On our way to our daughter’s house we drive by several soccer fields. This time of year we begin seeing those fields occupied by children of varying ages, along with their parents cheering them on, as they run up and down kicking a soccer ball toward one goal or the other. It reminds us of a time gone by when our kids were young, and our Saturdays were not our own, but predestined by the game of soccer!
We didn’t mind that our kids played soccer. They were having fun. The exercise was good. The skills they learned were valuable from just the gameplay, to the sportsmanship. The first season was fun. The second season was fun, but I’m pretty sure by the third season I was over it!
First of all, both Ben and Mariah played, which meant two games every Saturday. And it wasn’t just the games. It was the practices too. There was at least one practice, sometimes two a week, multiplied by two kids, and before we even got to the weekend I’d been observing some form of soccer four times already! Saturday games sometimes overlapped, which meant Kim and I had to split up, taking two cars to town, so that I could attend one, and he the other, or simply so one of us could leave one game in the middle to get the other child to their game. After game “snacks” required a schedule, so that all moms took a turn at providing something for the team, plus their siblings. You can’t give a popsicle to a child on the team, but not to their brother and sister watching. The anxiety of always worrying whether you would have enough for every child who showed up at the cooler was more stress than I needed on any given Saturday.
Kim coached Ben’s team one year. He was great at it, because for him it was simply a game, and his goal was for the kids to have fun. When the opposing team’s coach came out with a white board, drawing diagrams to show his seven year old superstars plays before the game, Kim rose to the occasion and taught the boys a chant! I don’t remember if they won or lost, but I do remember they enjoyed yelling that chant at the top of their lungs.
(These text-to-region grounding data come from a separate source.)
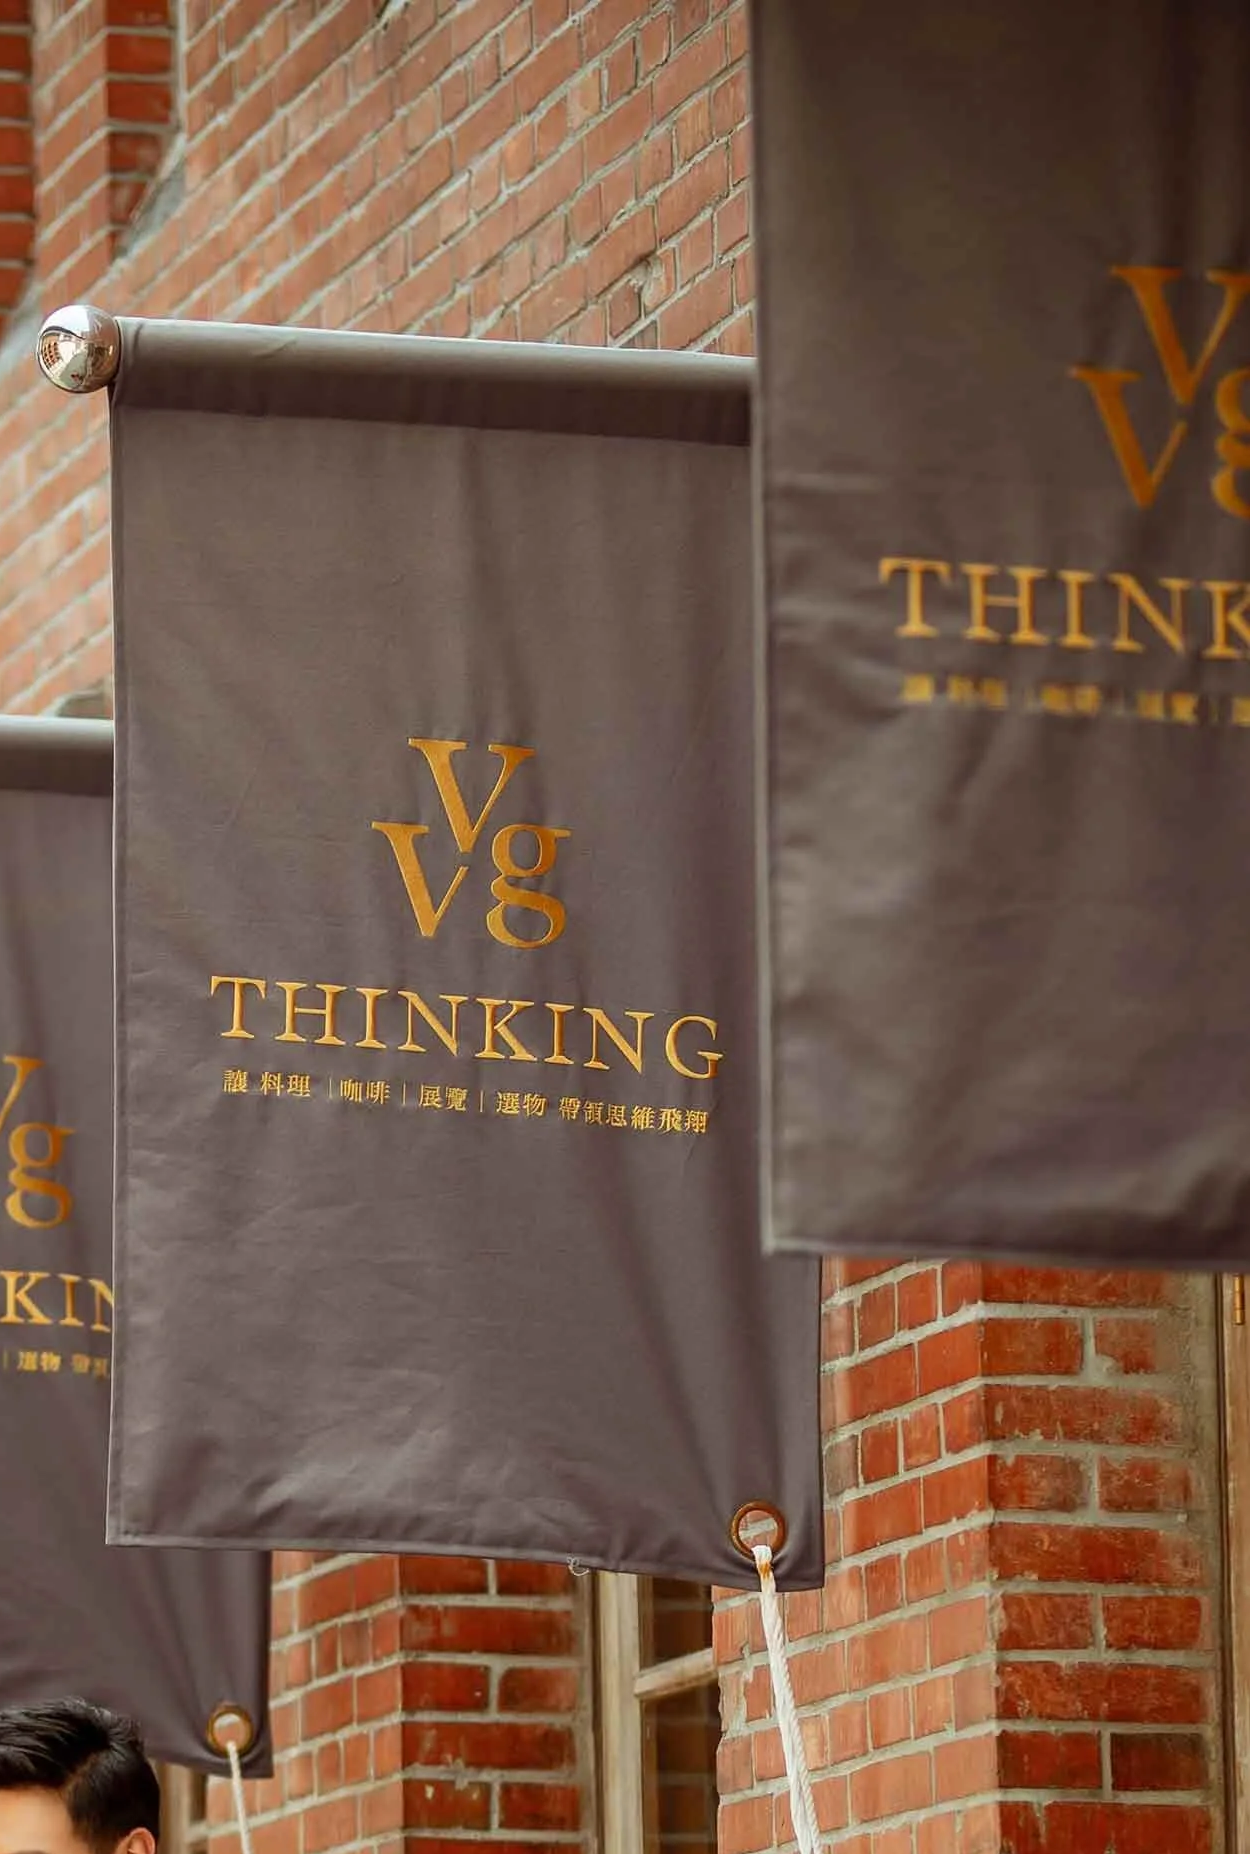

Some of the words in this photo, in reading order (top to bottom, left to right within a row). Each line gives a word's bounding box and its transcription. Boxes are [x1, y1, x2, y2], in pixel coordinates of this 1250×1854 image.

[879, 556, 1250, 662] THINK
[210, 975, 724, 1080] THINKING
[260, 1071, 312, 1098] 料理
[340, 1078, 390, 1105] 咖啡
[496, 1091, 548, 1118] 選物
Ben and Mariah played for years. I don’t know if they did it because they liked the game, or because their friends played, or because there seemed to be this implied expectation that you were suppose to play soccer in the fall, and then again in the spring if you were really serious. That “really serious” part only happened once, thank goodness! They only played on the Parks & Recreation teams. Kim and I were not interested in them joining a traveling team, though the parental pressure to do so was strong. “If they want to play in high school they have to play on a competitive team now!” Those kids lived and breathed soccer, and so did their parents. Those kids also hosted a Mother’s Day Tournament which lasted “all” weekend. The moms said it was fun, because the dads would set up camp stoves near the field and make pancakes for the moms. If Kim wanted to cook breakfast for me, good for him, but on Mother’s Day it better not involve me having to drag myself out of bed early, get dressed, and balance pancakes and syrup on my lap, as I sit in a camp chair in the middle of a soccer field, scarfing them down quickly, as they rapidly become cold in the chill of morning mountain air! I don’t care how those moms would spin it, I wasn’t convinced, and truly, I don’t think they were either.
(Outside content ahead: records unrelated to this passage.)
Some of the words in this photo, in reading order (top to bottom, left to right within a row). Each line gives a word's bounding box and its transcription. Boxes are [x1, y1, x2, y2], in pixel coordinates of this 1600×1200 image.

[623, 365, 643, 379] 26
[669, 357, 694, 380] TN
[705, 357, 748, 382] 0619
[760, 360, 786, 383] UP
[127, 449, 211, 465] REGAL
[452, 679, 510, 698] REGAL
By the time Ben was in the 8th grade he decided he was done with soccer. While I asked the obligatory, “Are you sure?”, inside I was cheering “Yes, yes, yes!”, and doing a happy dance! Mariah decided she was done as well. Thank goodness! Now Saturdays could be Saturdays. We could have a plan for the day, or just roll with it. Free at last! Free at last!
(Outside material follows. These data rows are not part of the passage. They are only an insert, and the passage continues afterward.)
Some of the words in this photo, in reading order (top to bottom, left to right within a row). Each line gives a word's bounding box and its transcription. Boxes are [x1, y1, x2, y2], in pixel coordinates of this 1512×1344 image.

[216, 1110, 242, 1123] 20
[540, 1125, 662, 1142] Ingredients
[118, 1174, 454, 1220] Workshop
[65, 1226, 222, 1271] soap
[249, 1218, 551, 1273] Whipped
So fast forward to the present. We’ve informed our kids that if they want to enroll their kids to play soccer that is their business, but MeeMaw and Paw would not be attending every Saturday morning game. Don’t ask, it is not going to happen, and we refuse to feel guilty. We will make a few games during the season. A specific number to be determined by Kim and I when the time comes. Besides, in Florida who knows how long soccer season is. This isn’t snow country. You can play year-round here, God forbid! We are not bad grandparents. We try to attend as many things that our grandkids are involved in as possible. There’s swimming lessons, gymnastics, Gymboree, and preschool activities, but we can’t be there all the time, and truthfully we probably shouldn’t be. This is their time. We did our time. Er, um, I mean, we had our time.